Galectin-3 could be considered as a tumor suppressor protein in RCC being expressed in the adjacent normal tissue more than the tumor tissue.
Galectin-1 & Galectin-3 could be used as a potential diagnostic markers for chromophobe renal cell carcinoma being highly expressed in this subtype in comparison to others, however further studies are needed to prove this.
Galectin-3 has an anti-necrotic role and this explains why tumors with high Galectin-3 expression show resistance to chemotherapeutic agents.
Galectin-1 & Galectin-3 could be used as potential molecular targets for RCC therapy.
6.3. Recommendations:
Studying the expression of both Galectin-1 & Galectin-3 on a larger scale incorporating cases with different histological & molecular subtypes as well as the new emerging entities of RCC.
Studying the expression of both Galectin-1 & Galectin-3 using different molecular techniques such as PCR & gene sequencing to elaborate their roles and strengthens the achieved results.

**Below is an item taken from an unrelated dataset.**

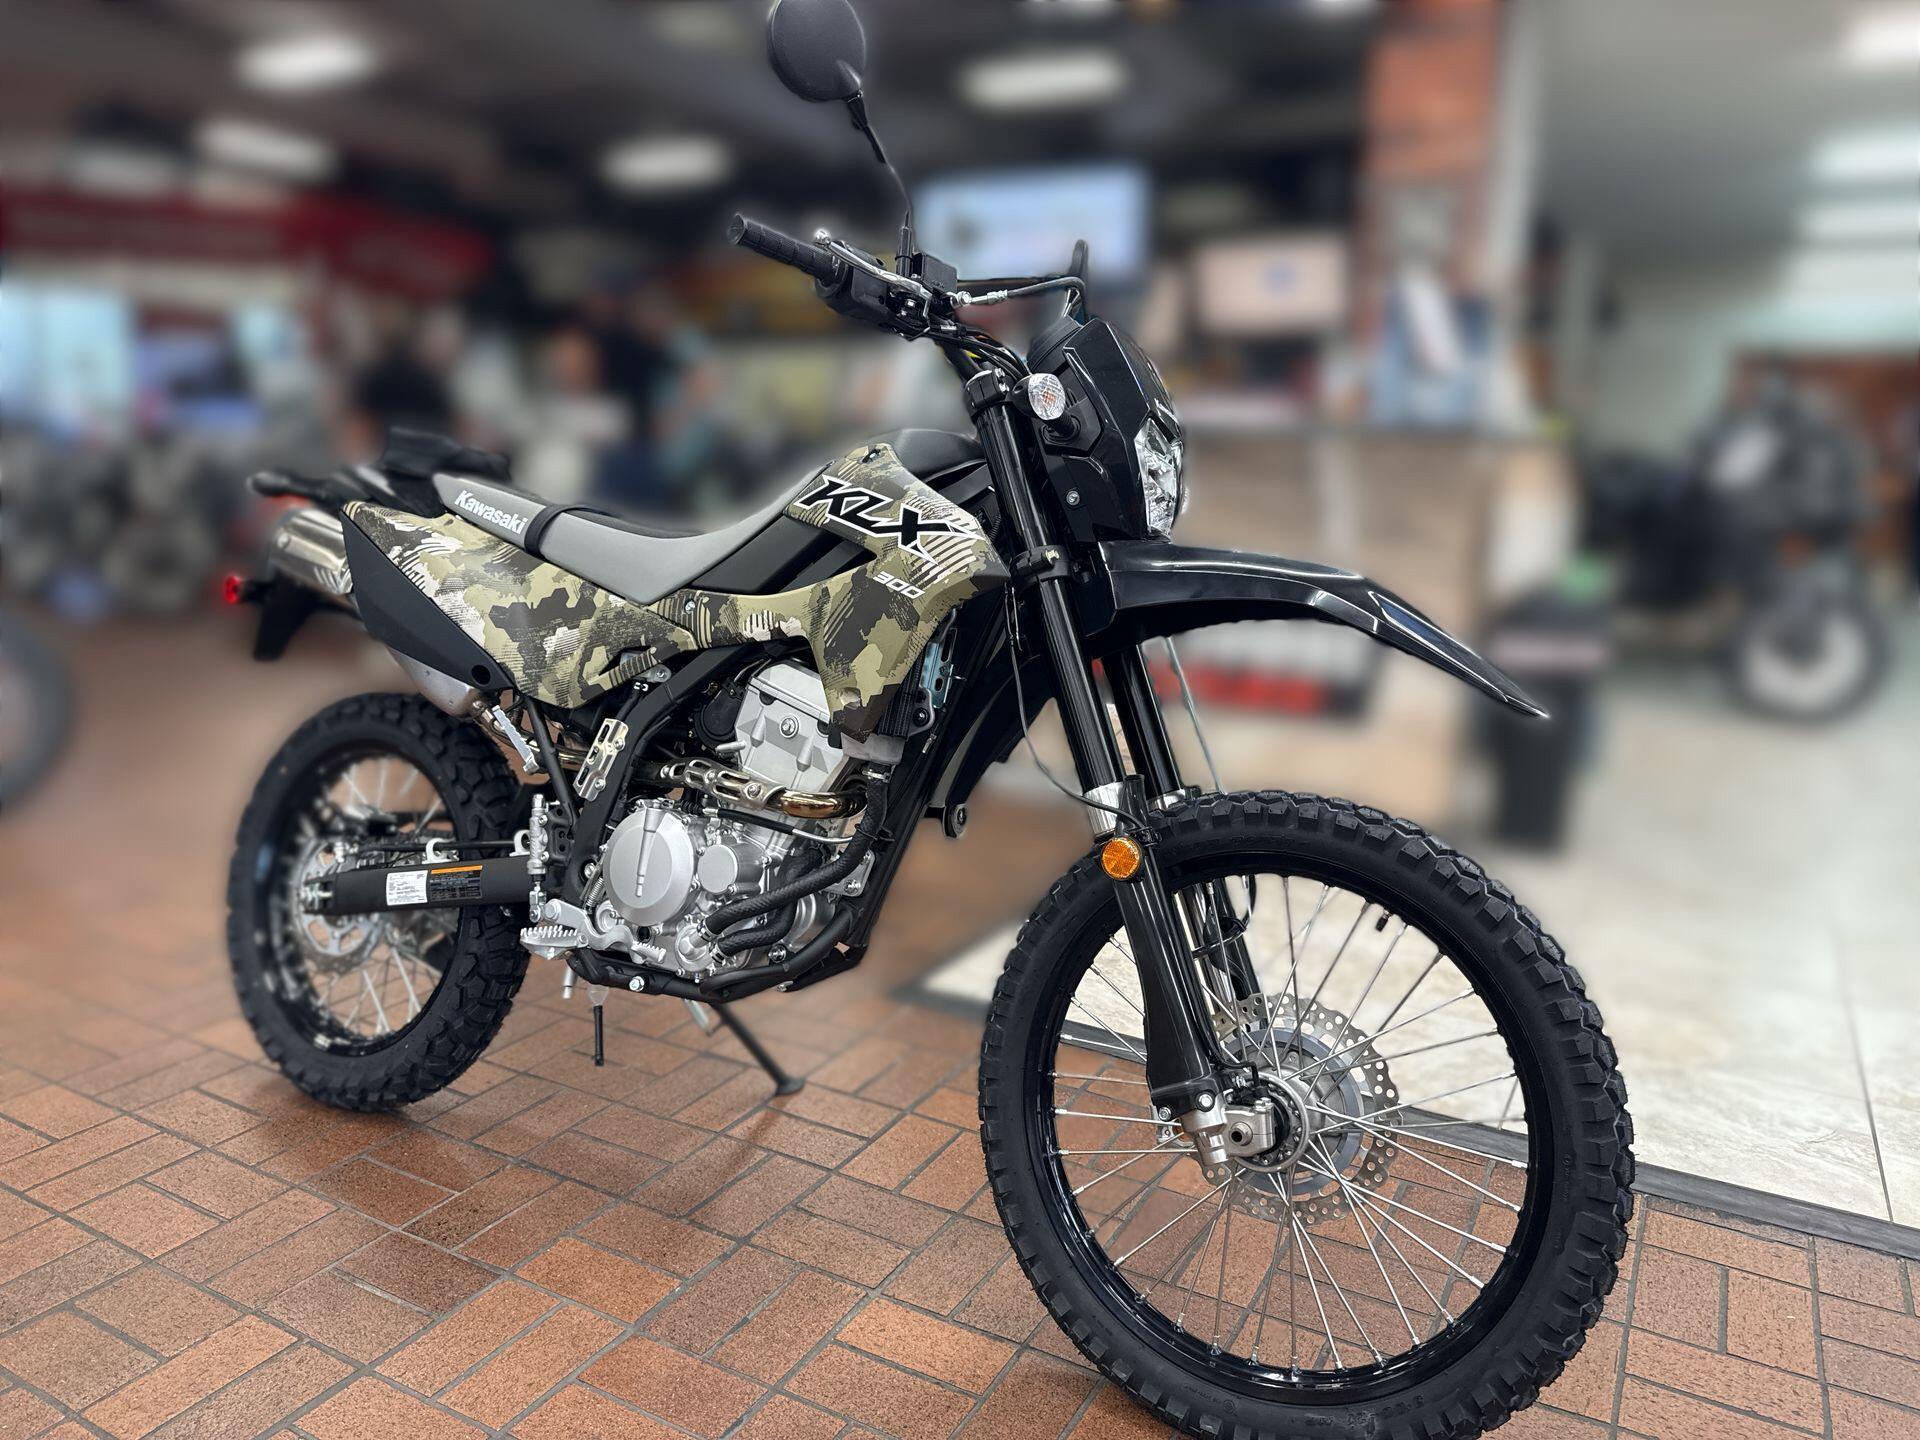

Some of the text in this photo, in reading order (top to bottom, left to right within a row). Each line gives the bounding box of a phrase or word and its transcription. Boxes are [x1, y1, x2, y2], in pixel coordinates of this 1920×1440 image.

Further study of the expression of Galectin-1 & Galectin-3 in a larger sample size including both types of papillary renal cell carcinoma and comparing their expression between these two heterogeneously different types.
Incorporating cases showing distant metastasis and comparing the expression of both Galectins in the primary & metastatic tissue to study the proposed roles of both Galectins throughout the carcinogenic pathway of RCC.